Content starts

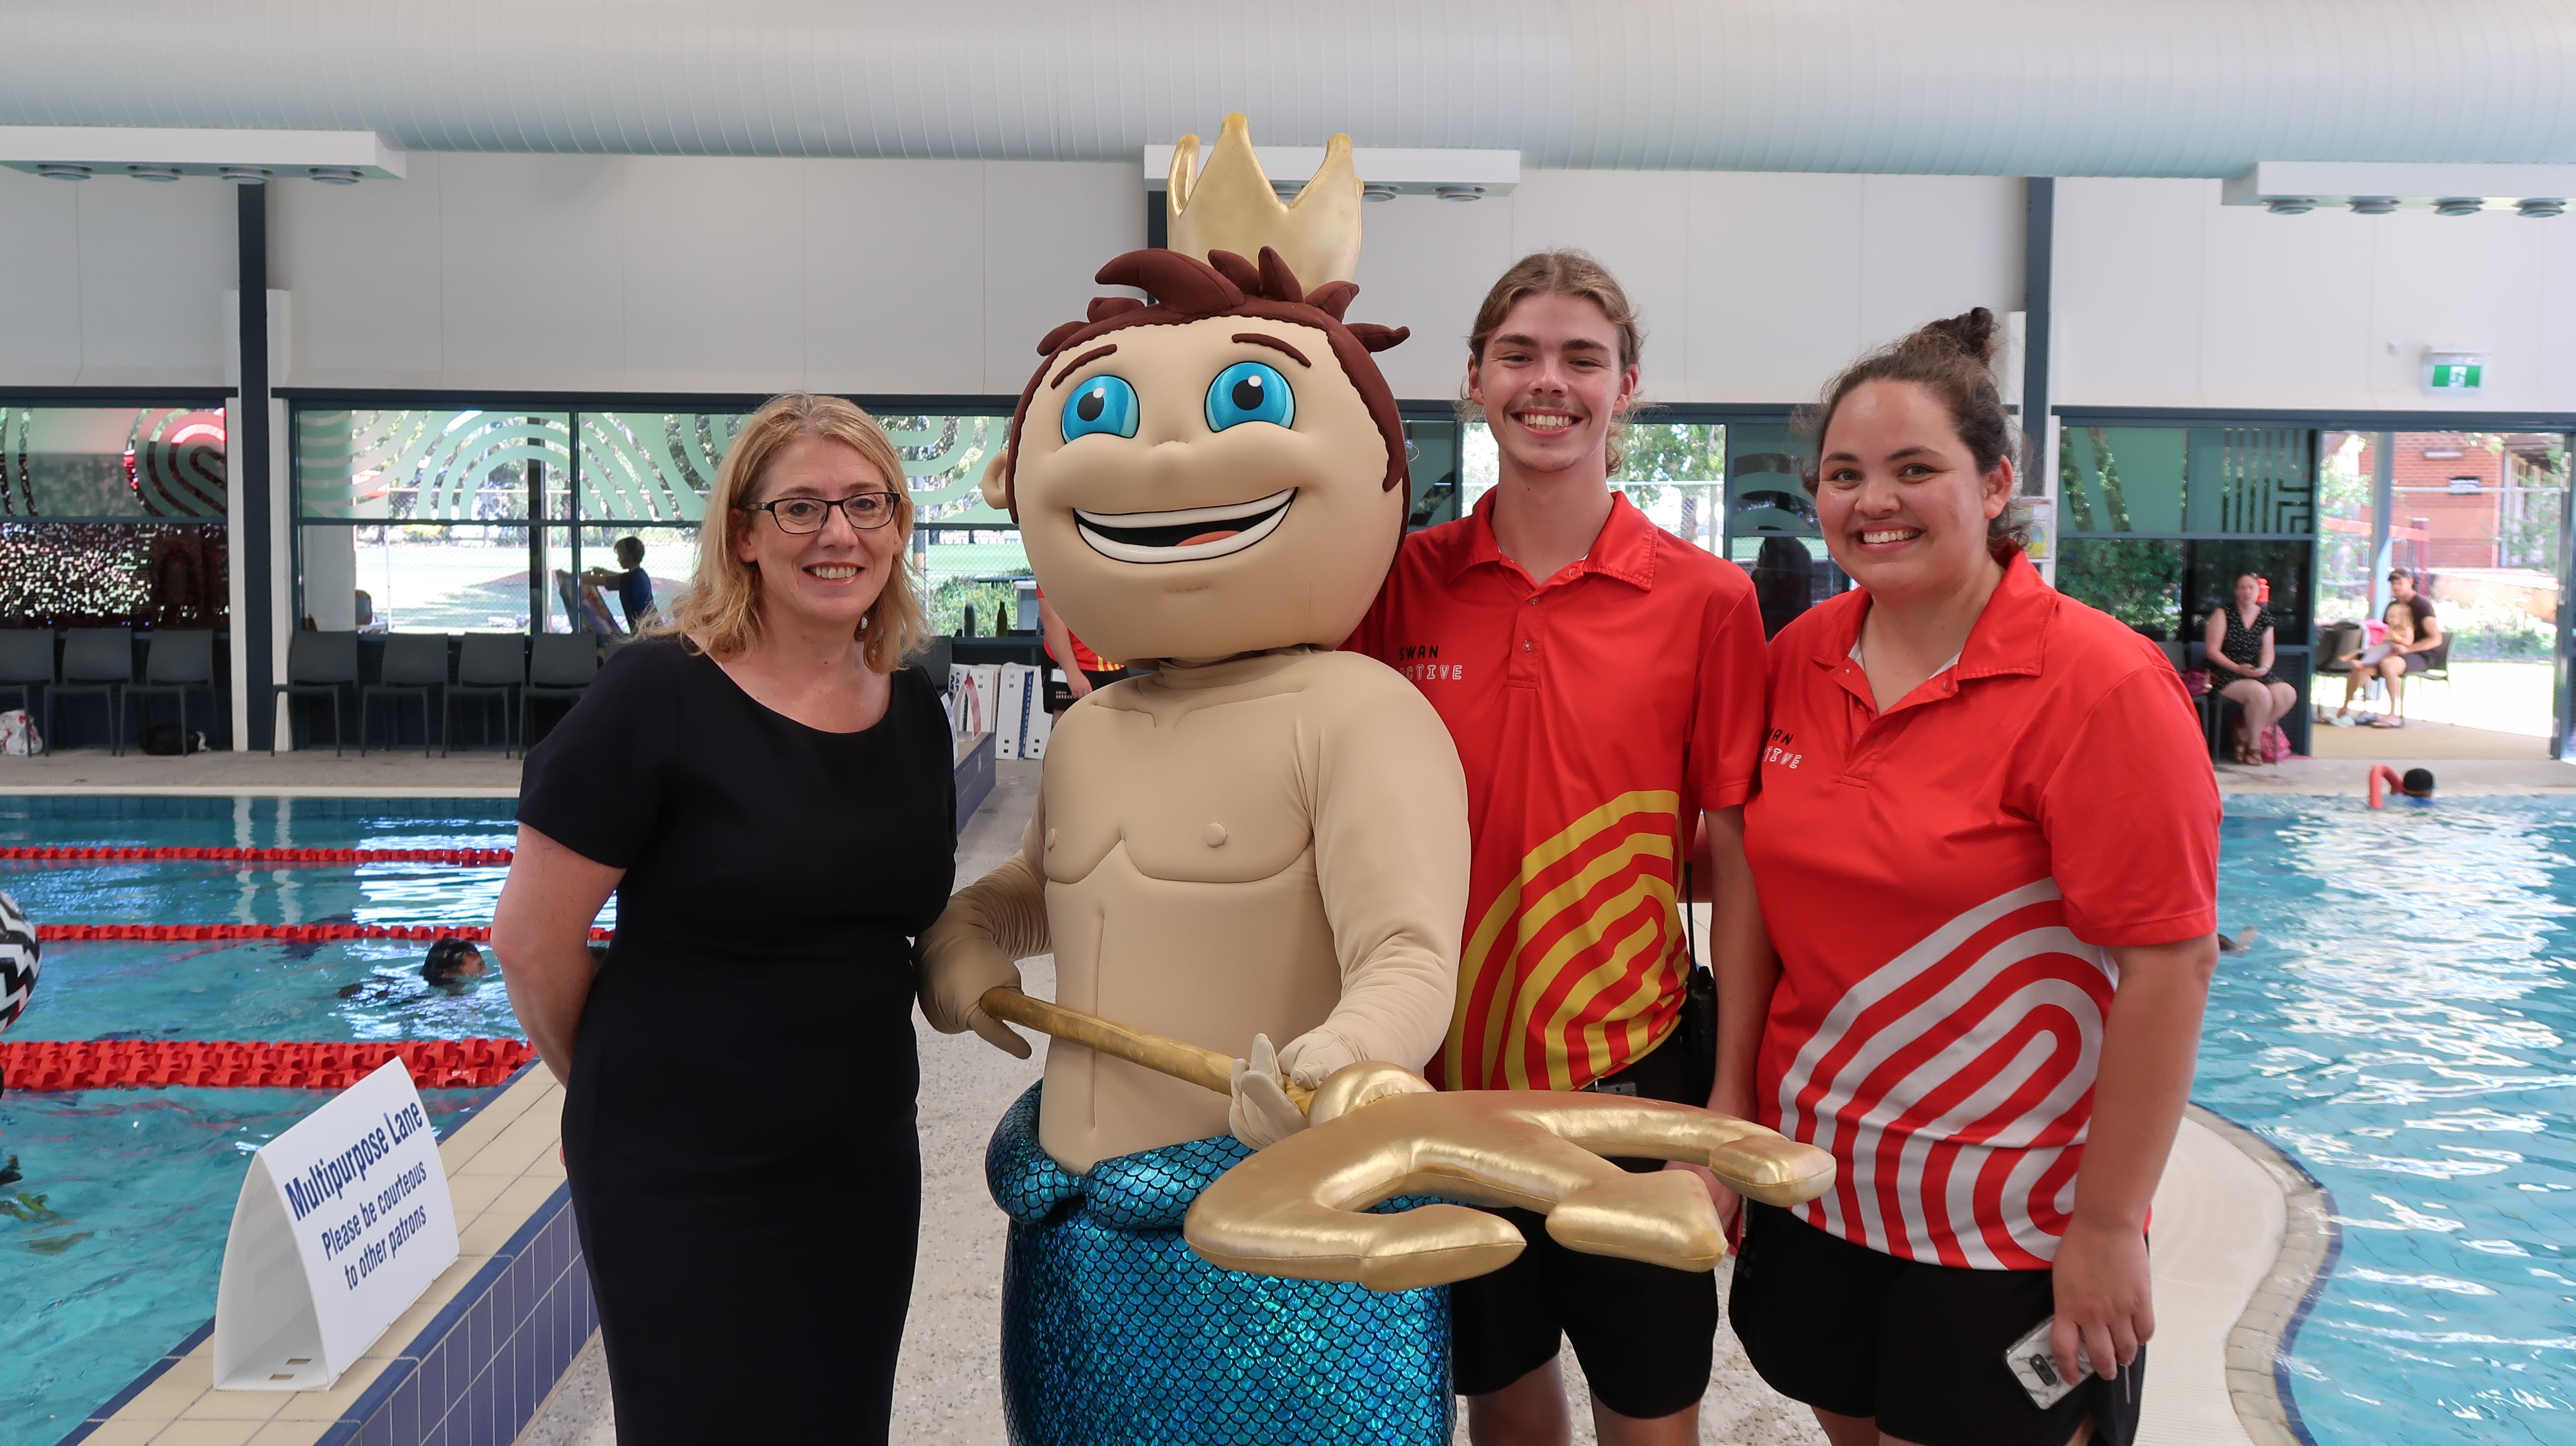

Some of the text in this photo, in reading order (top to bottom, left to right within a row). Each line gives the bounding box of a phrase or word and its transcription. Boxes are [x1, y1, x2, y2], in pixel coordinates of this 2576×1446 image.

[1399, 645, 1439, 661] SWAN
[285, 1102, 423, 1221] Multipurpose Lane
[322, 1161, 427, 1261] Please be courteous
[345, 1205, 427, 1291] to other patrons
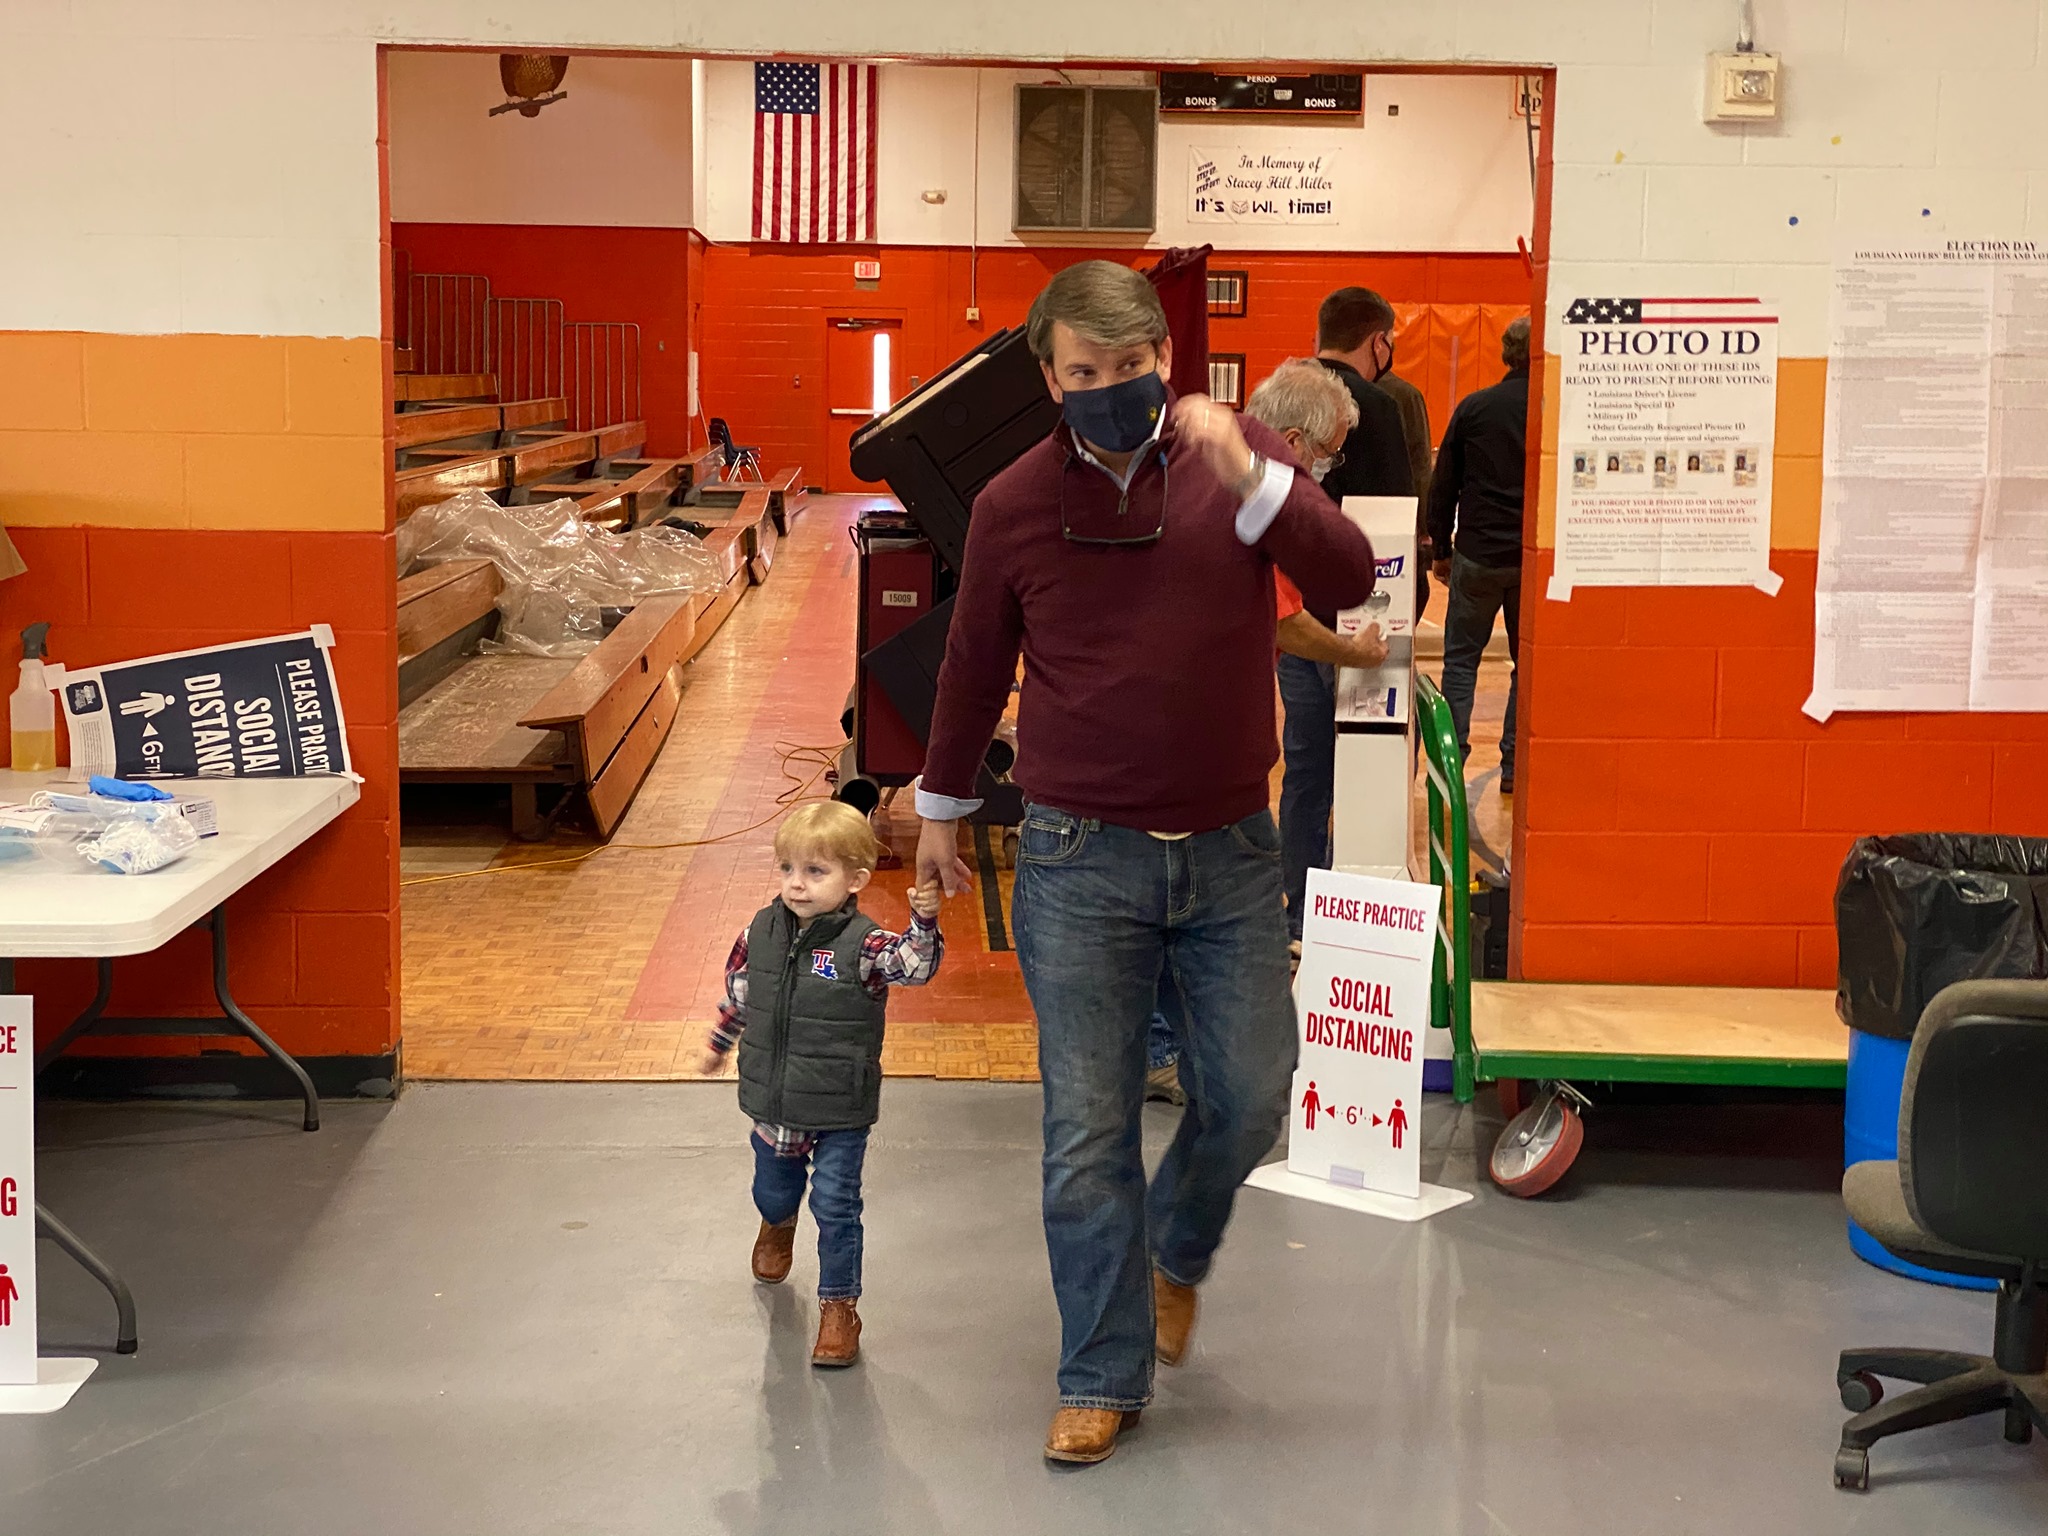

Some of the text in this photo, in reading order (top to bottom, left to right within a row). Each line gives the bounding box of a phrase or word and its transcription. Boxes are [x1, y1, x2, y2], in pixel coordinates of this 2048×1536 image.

[1246, 75, 1277, 83] PERIOD
[1185, 96, 1217, 106] BONUS
[1304, 98, 1336, 107] BONUS
[1238, 154, 1322, 173] In Memory of
[1225, 175, 1332, 192] Stacey Hill Miller
[1196, 197, 1224, 212] It's
[1947, 241, 2037, 251] ELECTION DAY
[859, 263, 876, 276] EXIT
[1579, 330, 1761, 355] PHOTO ID
[1578, 362, 1760, 372] PLEASE HAVE ONE OF THESE IDS
[1566, 376, 1604, 384] READY
[1606, 376, 1621, 384] TO
[1624, 376, 1676, 384] PRESENT
[1678, 376, 1722, 384] BEFORE
[1627, 412, 1638, 420] ID
[889, 594, 912, 603] 15009
[286, 658, 322, 722] PLEASE
[1314, 894, 1426, 932] PLEASE PRACTICE
[1330, 976, 1394, 1018] SOCIAL
[1306, 1011, 1413, 1062] DISTANCING

Content ends

Take the entries shown above and quote them verbatim, passing over the pictures.

Some of the text in this photo, in reading order (top to bottom, left to right within a row). Each line gives the bounding box of a phrase or word and its transcription. Boxes are [x1, y1, x2, y2], in pixel coordinates of this 2576×1446 image.

[1399, 645, 1439, 661] SWAN
[285, 1102, 423, 1221] Multipurpose Lane
[322, 1161, 427, 1261] Please be courteous
[345, 1205, 427, 1291] to other patrons

Some of the text in this photo, in reading order (top to bottom, left to right within a row). Each line gives the bounding box of a phrase or word and its transcription. Boxes are [x1, y1, x2, y2], in pixel coordinates of this 2048×1536 image.

[1246, 75, 1277, 83] PERIOD
[1185, 96, 1217, 106] BONUS
[1304, 98, 1336, 107] BONUS
[1238, 154, 1322, 173] In Memory of
[1225, 175, 1332, 192] Stacey Hill Miller
[1196, 197, 1224, 212] It's
[1947, 241, 2037, 251] ELECTION DAY
[859, 263, 876, 276] EXIT
[1579, 330, 1761, 355] PHOTO ID
[1578, 362, 1760, 372] PLEASE HAVE ONE OF THESE IDS
[1566, 376, 1604, 384] READY
[1606, 376, 1621, 384] TO
[1624, 376, 1676, 384] PRESENT
[1678, 376, 1722, 384] BEFORE
[1627, 412, 1638, 420] ID
[889, 594, 912, 603] 15009
[286, 658, 322, 722] PLEASE
[1314, 894, 1426, 932] PLEASE PRACTICE
[1330, 976, 1394, 1018] SOCIAL
[1306, 1011, 1413, 1062] DISTANCING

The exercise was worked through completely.